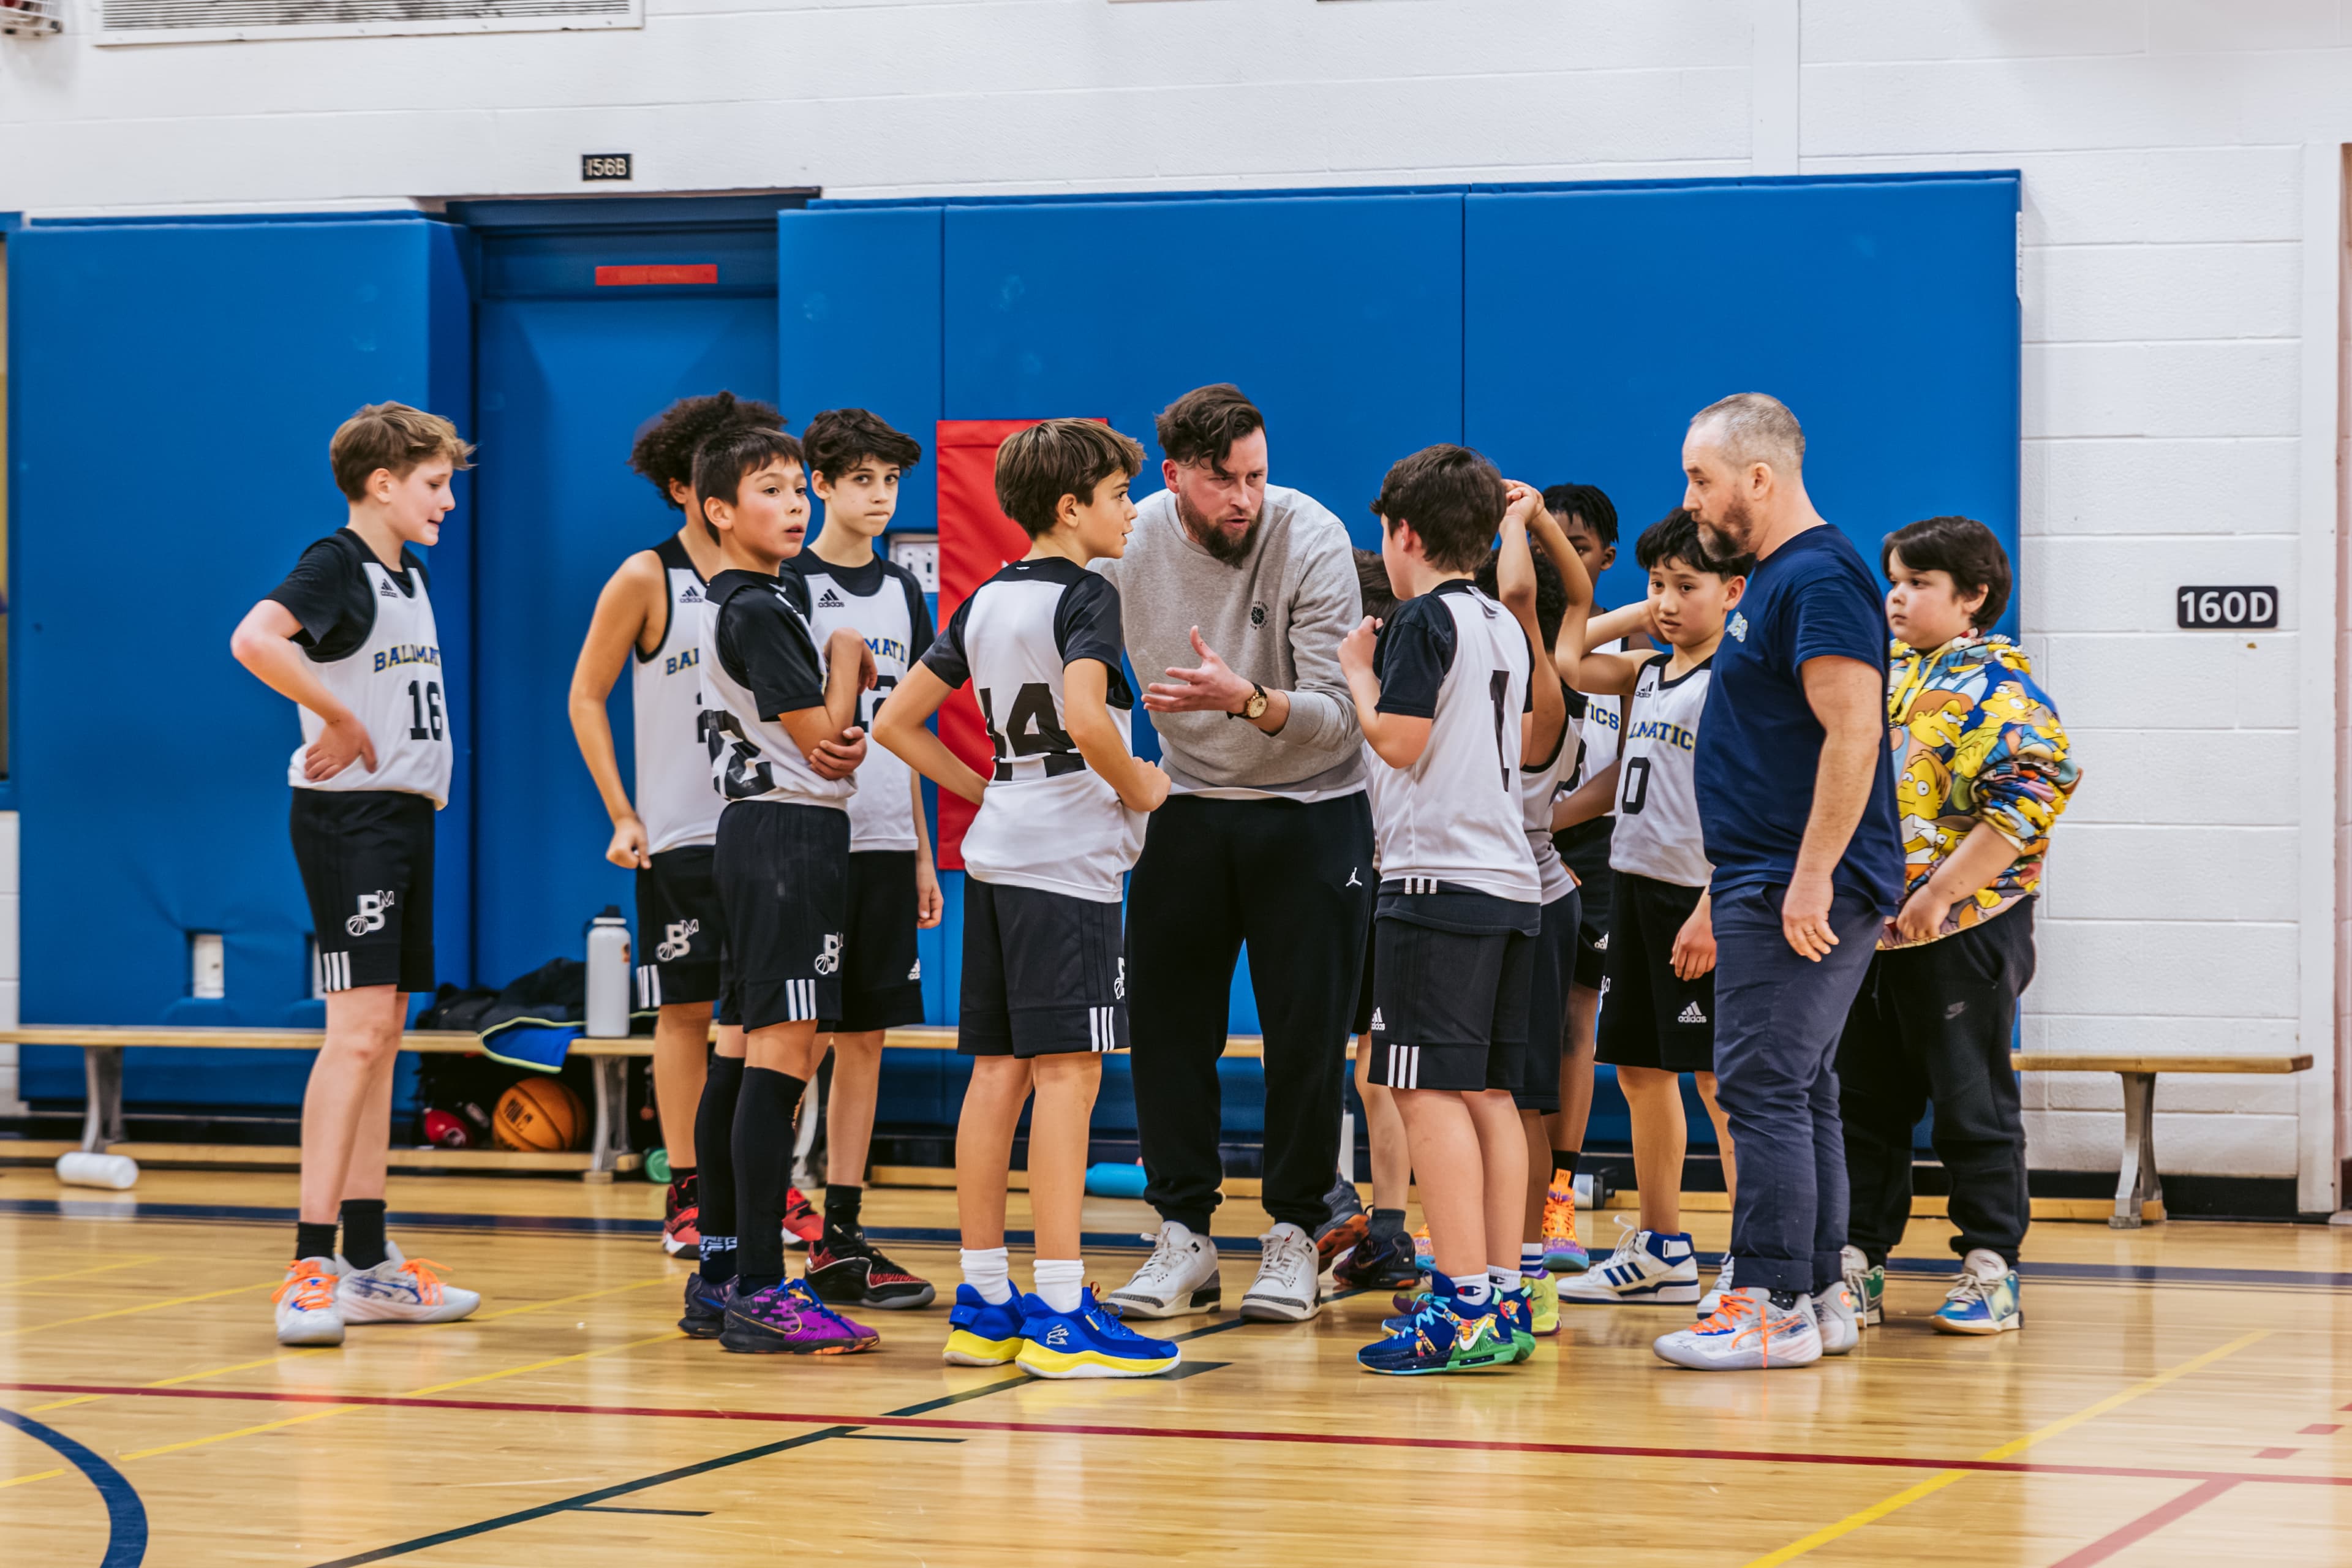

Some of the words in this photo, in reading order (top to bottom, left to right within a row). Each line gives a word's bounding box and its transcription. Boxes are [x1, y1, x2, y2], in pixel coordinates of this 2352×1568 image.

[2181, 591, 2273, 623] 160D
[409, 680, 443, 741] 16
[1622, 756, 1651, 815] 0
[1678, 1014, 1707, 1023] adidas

- WORK TO BE COMPLETED
Now transcribe all the entries above exactly, so that no picture is carried over.

- EXERCISE OUTPUT
Some of the words in this photo, in reading order (top to bottom, left to right within a row). Each line gives a word's bounding box and its transcription. Boxes are [x1, y1, x2, y2], in pixel coordinates of this 2352×1568 image.

[2181, 591, 2273, 623] 160D
[409, 680, 443, 741] 16
[1622, 756, 1651, 815] 0
[1678, 1014, 1707, 1023] adidas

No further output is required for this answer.